RAD51-dependent recruitment of TERRA lncRNA to telomeres through R-loops.

Abstract

Telomeres which are present at the ends of eukaryotic chromosomes mediate genome stability and determine cellular lifespan1. Telomeric repeat containing RNAs (TERRA) are long noncoding RNAs transcribed from chromosome ends2,3, which regulate telomeric chromatin structure and telomere maintenance via telomerase and homology directed repair (HDR)4,5. The mechanisms by which TERRA is recruited to chromosome ends remain poorly defined. Here we develop a reporter system to dissect the underlying mechanisms and demonstrate that the UUAGGG-repeats of TERRA are both necessary and sufficient to target TERRA to chromosome ends.
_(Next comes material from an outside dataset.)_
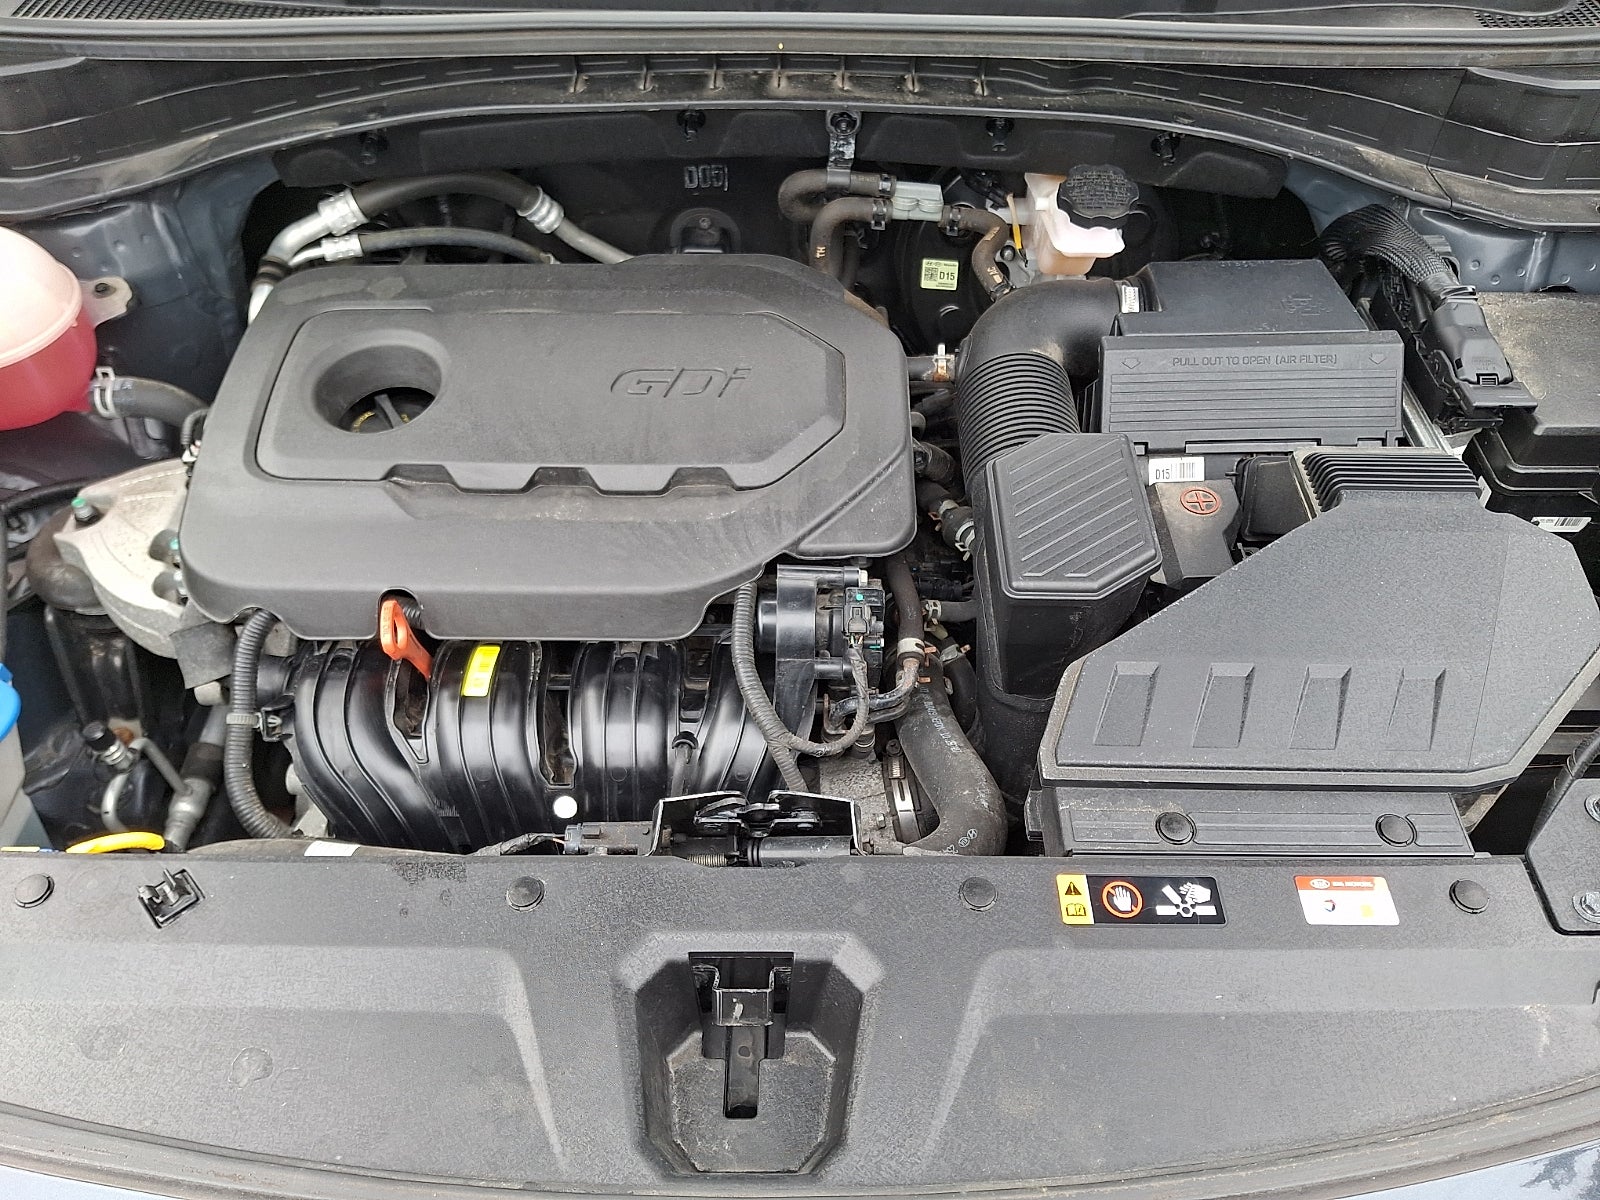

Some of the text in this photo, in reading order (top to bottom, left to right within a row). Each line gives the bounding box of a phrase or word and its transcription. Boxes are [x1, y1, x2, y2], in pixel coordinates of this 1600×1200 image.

[939, 271, 955, 281] D15
[1172, 354, 1337, 366] PULL OUT TO OPEN (AIR FILTER)
[1155, 468, 1171, 480] D15
TERRA preferentially associates with short telomeres through the formation of telomeric DNA:RNA hybrid (R-loop) structures that can form in trans. Telomere association and R-loop formation triggers telomere fragility and is promoted by the RAD51 recombinase and its interacting partner BRCA2 but counteracted by RNA surveillance factors, RNaseH1 and TRF1. RAD51 physically interacts with TERRA and catalyzes R-loop formation with TERRA in vitro supporting a direct involvement of this DNA recombinase in TERRA recruitment by strand invasion. Together, our findings reveal a RAD51-dependent pathway that governs TERRA mediated R-loop formation post transcription providing a mechanism of how lncRNAs can be recruited to new loci in trans.